## Problem to work on:
Your copy of the entries below should hold exactly the lines from the one containing "this 1814×1428 image." to the one containing "this 1280×1440 image.", inclusive, and no pictures.

------ Exercise data

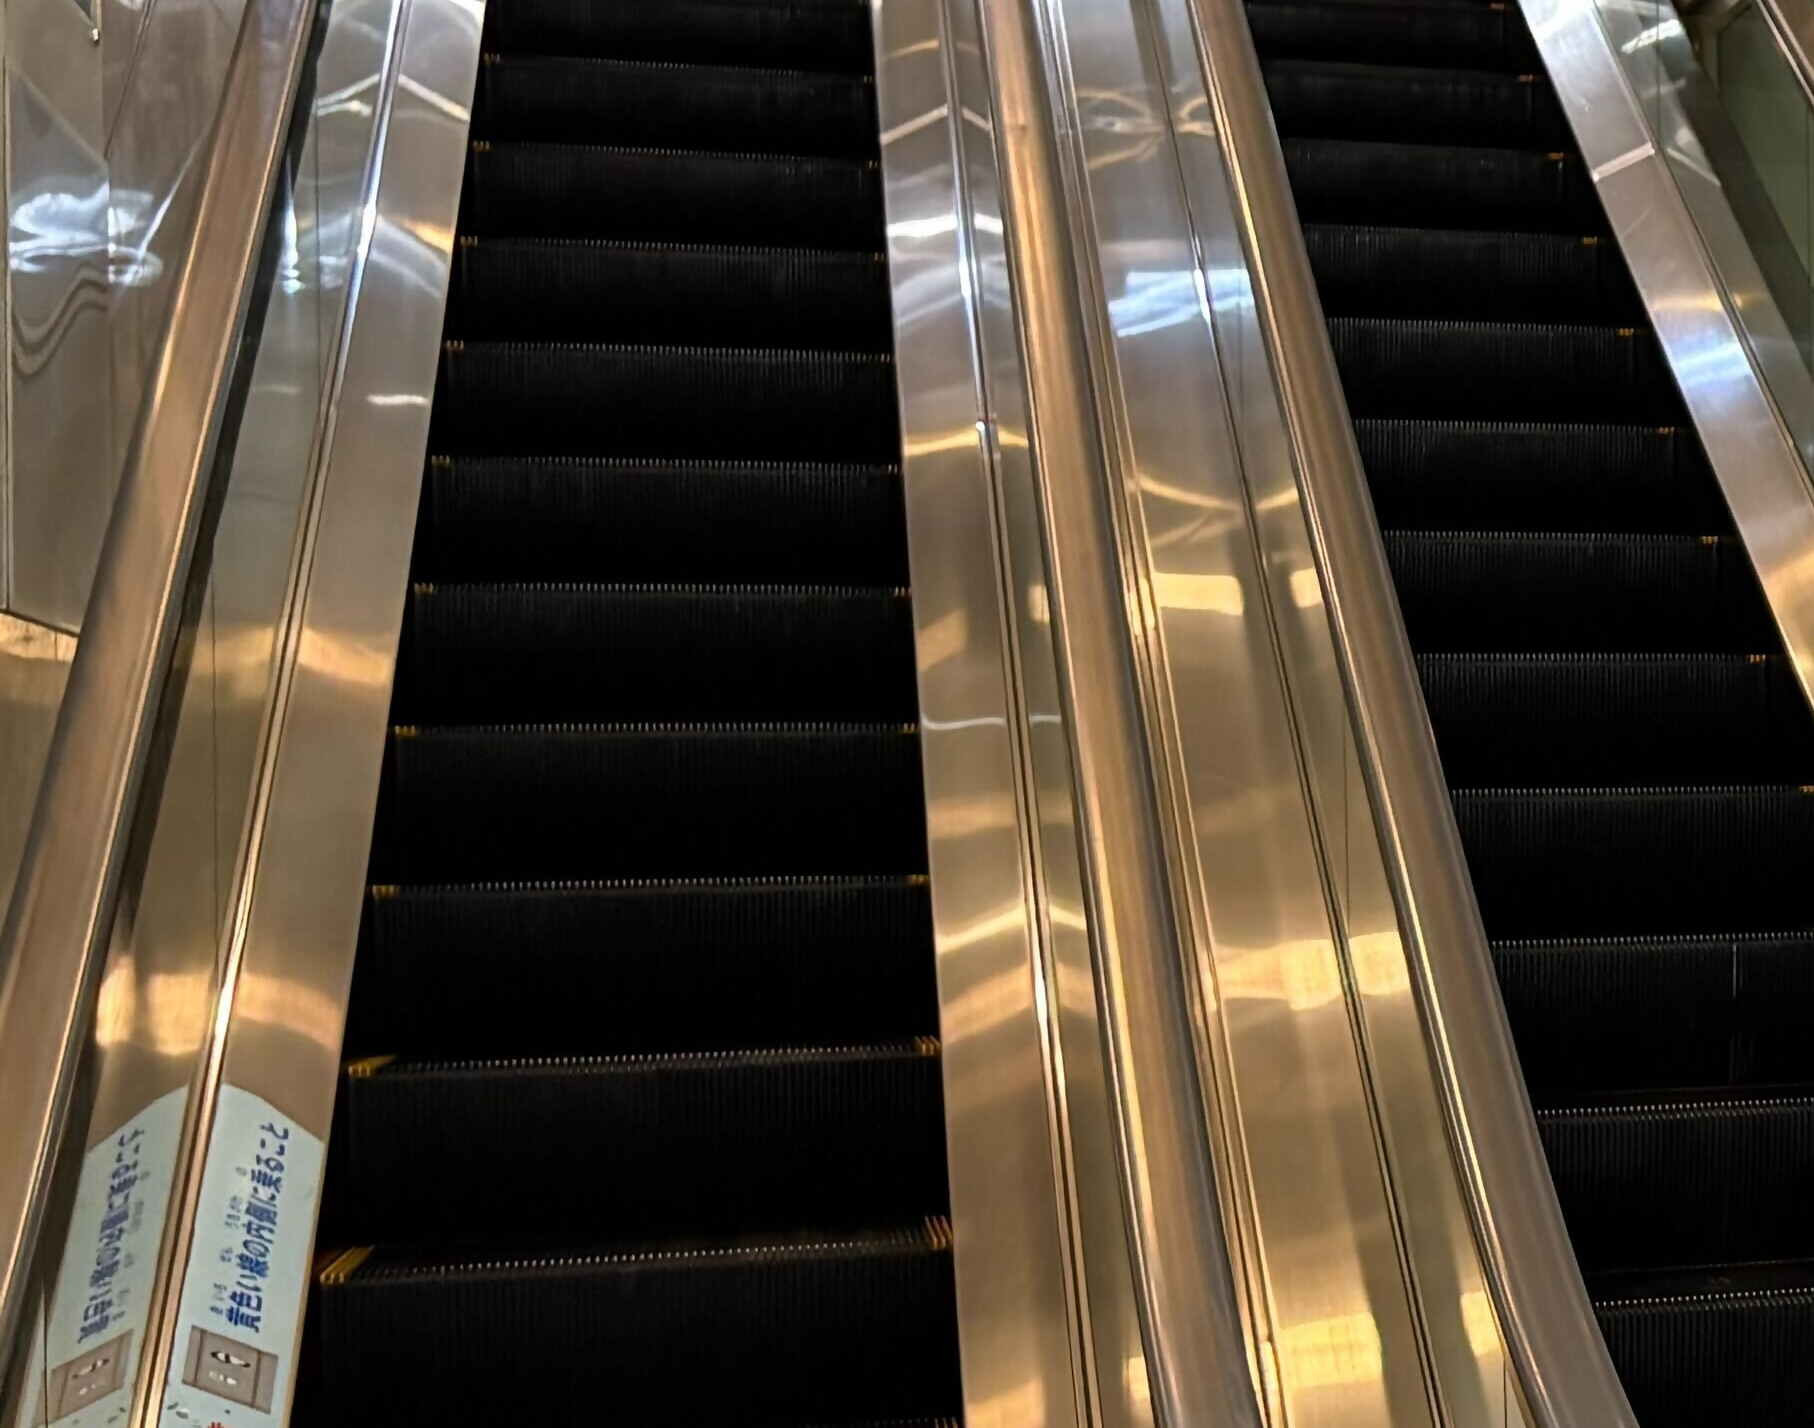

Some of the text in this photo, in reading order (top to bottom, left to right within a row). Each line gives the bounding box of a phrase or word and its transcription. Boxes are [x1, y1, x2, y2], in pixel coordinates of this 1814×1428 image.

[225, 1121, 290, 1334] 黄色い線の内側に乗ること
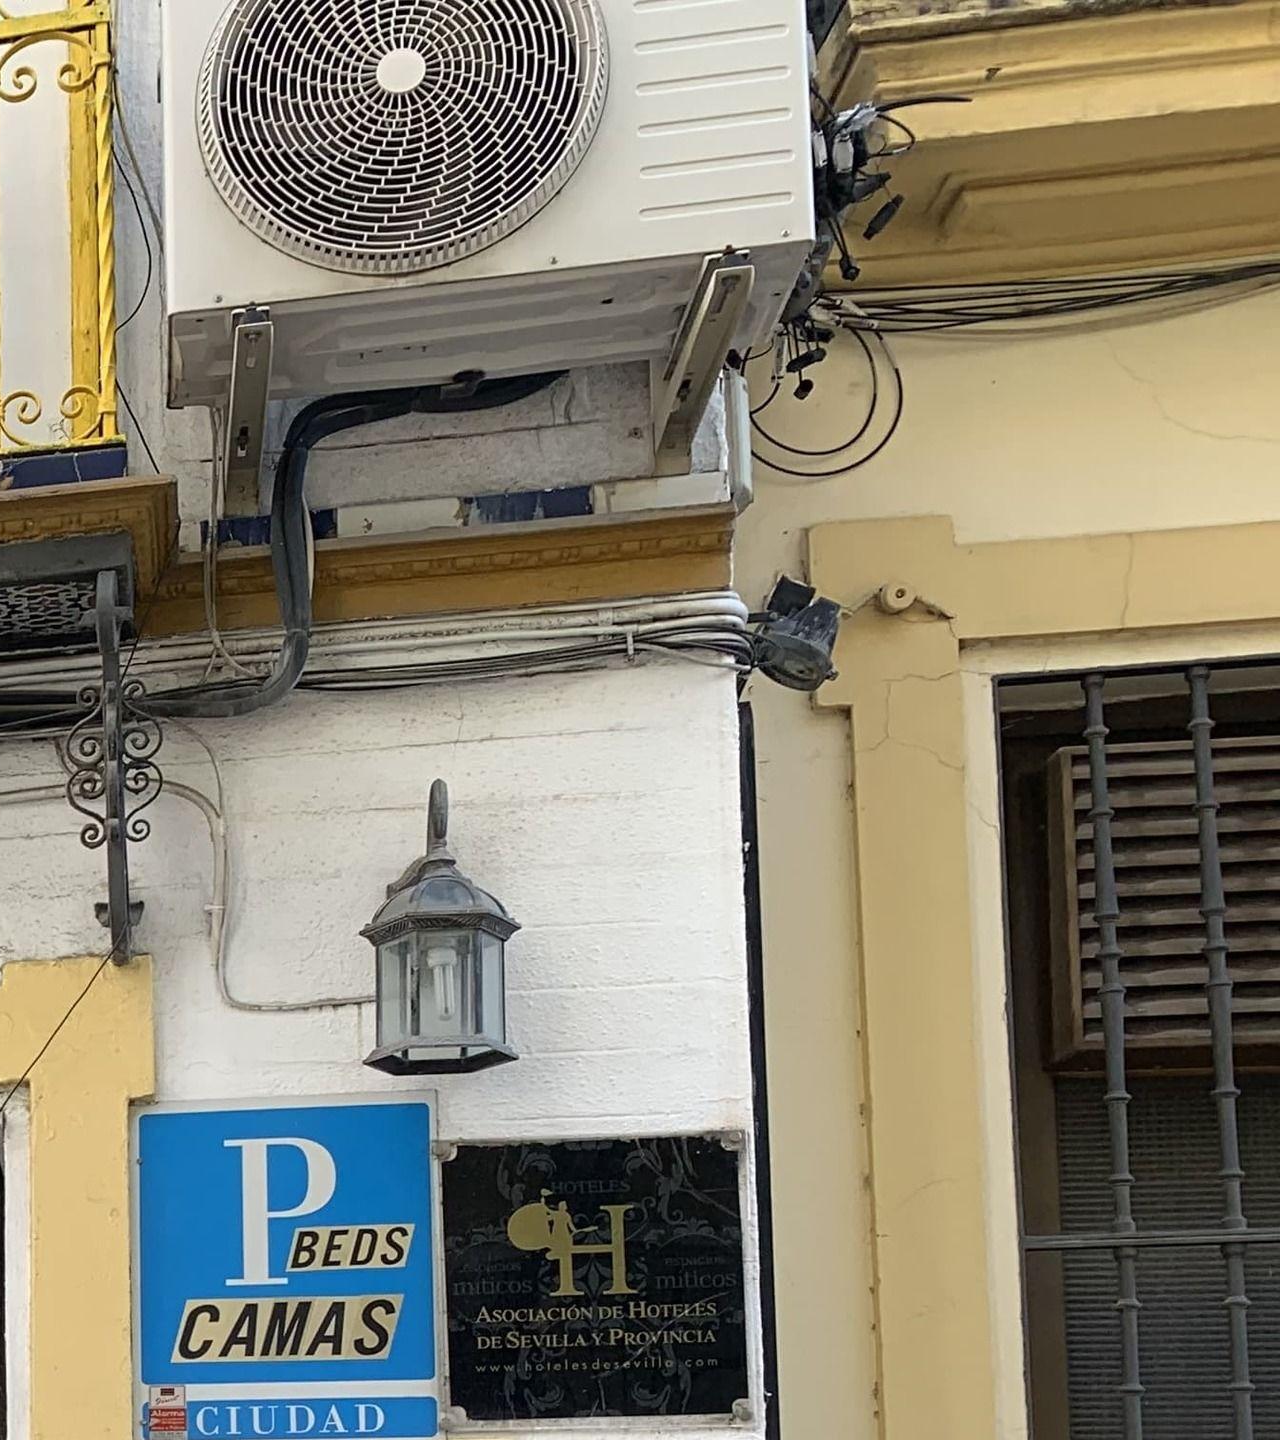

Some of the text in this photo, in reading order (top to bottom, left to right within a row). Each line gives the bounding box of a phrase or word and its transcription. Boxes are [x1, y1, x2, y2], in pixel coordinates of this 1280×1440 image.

------------
------ Exercise data

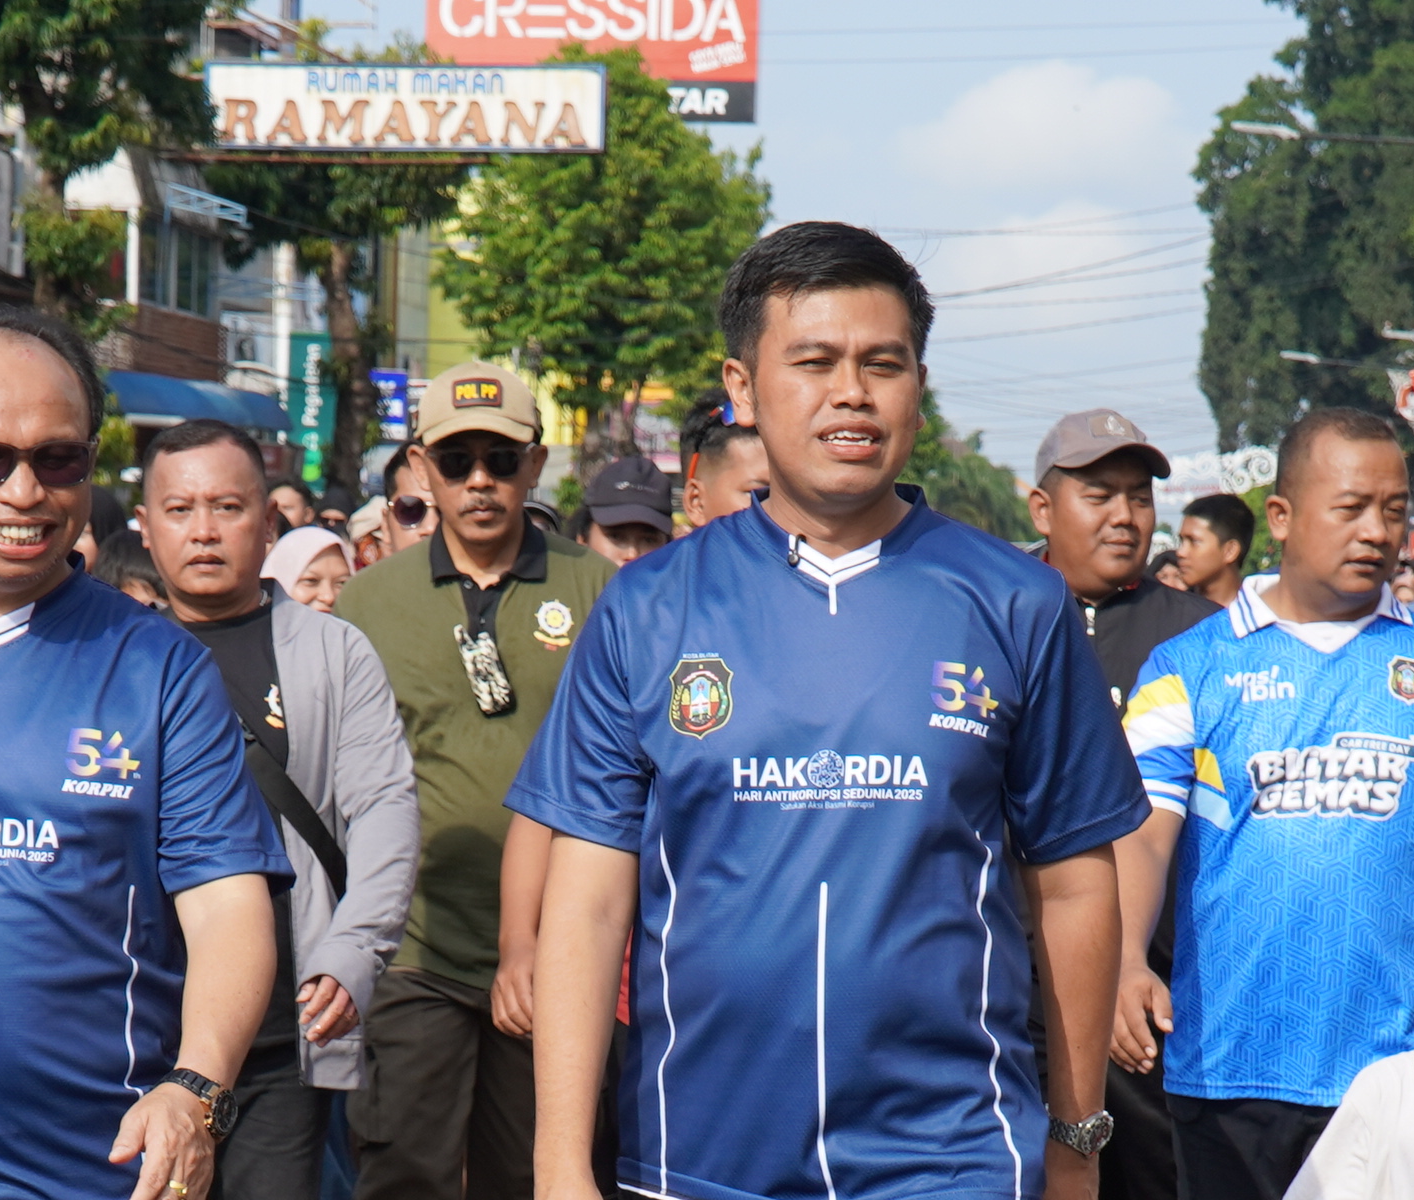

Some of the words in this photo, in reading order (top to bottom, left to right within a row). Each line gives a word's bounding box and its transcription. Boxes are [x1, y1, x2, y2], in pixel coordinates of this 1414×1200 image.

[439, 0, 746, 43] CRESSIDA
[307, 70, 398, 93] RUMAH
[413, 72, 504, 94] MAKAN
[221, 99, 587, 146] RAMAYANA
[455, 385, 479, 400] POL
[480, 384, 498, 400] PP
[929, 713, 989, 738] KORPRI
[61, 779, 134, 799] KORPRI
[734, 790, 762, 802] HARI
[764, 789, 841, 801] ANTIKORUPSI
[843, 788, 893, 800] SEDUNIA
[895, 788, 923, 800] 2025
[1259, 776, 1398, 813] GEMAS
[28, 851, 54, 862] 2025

------------

## Your response:
Some of the text in this photo, in reading order (top to bottom, left to right within a row). Each line gives the bounding box of a phrase or word and its transcription. Boxes are [x1, y1, x2, y2], in pixel coordinates of this 1814×1428 image.

[225, 1121, 290, 1334] 黄色い線の内側に乗ること

Some of the text in this photo, in reading order (top to bottom, left to right within a row). Each line gives the bounding box of a phrase or word and its transcription. Boxes are [x1, y1, x2, y2], in pixel coordinates of this 1280×1440 image.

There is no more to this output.